The announcement that Tesla will offer an optional range extender battery pack for the Cybertruck surprised many at the Nov. 30 delivery event, but several questions still remain unanswered.
We still don’t know if (and how!) the additional battery pack can be lifted in and out of the truck bed, or how much it weighs for that matter. We don’t know its storage capacity either, although we calculated that it would need around 47 kilowatt-hours of usable storage to enable some 130 miles of additional range to the Cybertruck AWD’s stated 340 miles.
Pricing is not finalized either, although Tesla’s website currently shows an estimated price of $16,000; that can still change until the range extender pack enters production in late 2024.
That said, Tesla seems to have interesting plans with the Cybertruck’s extended-range battery. When it comes to range, Drew Baglino, Tesla’s SVP of Powertrain and Energy, said in a recent Munro Live video (via Sawyer Merritt) that the automaker wants to squeeze more miles from the range extender pack.

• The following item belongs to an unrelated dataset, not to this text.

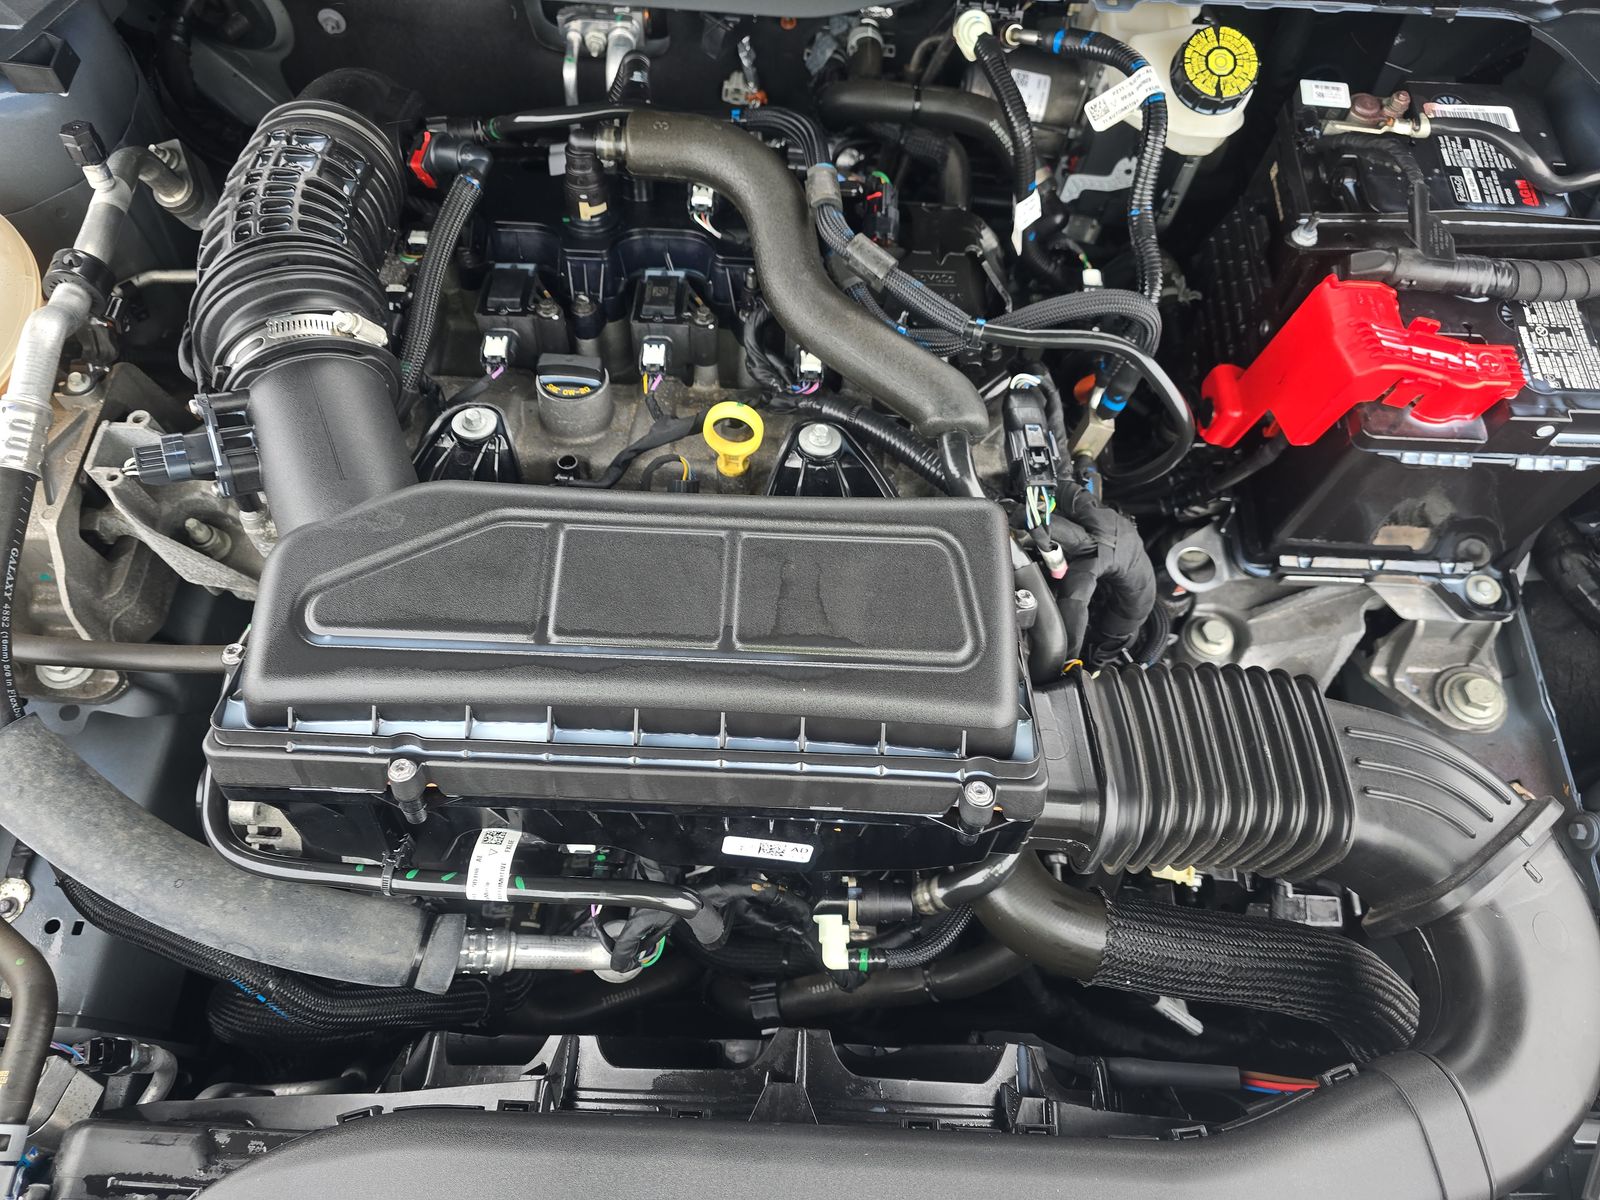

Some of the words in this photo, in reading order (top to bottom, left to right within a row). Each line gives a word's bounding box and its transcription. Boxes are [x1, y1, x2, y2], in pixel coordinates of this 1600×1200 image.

[1515, 179, 1536, 207] AGM
[4, 547, 19, 601] GALAXY
[1, 603, 11, 628] 4882

He told Sandy Munro that Tesla’s long term target for the range extended Cybertruck is 500 miles, versus the recently announced 470+ miles for the dual-motor Cybertruck and 440+ miles for the tri-motor Cyberbeast.
Many reservation holders have voiced their frustration at Tesla’s failure to deliver on its 2019 promise to offer a 500-mile Cybertruck, so maybe this is how the EV maker plans to make up for that.
To be fair, back in 2019 Tesla did not say that the Cybertruck would offer 500 miles of range with a single battery pack, although it clearly led everyone to believe that because there was no talk of a range extender at the time.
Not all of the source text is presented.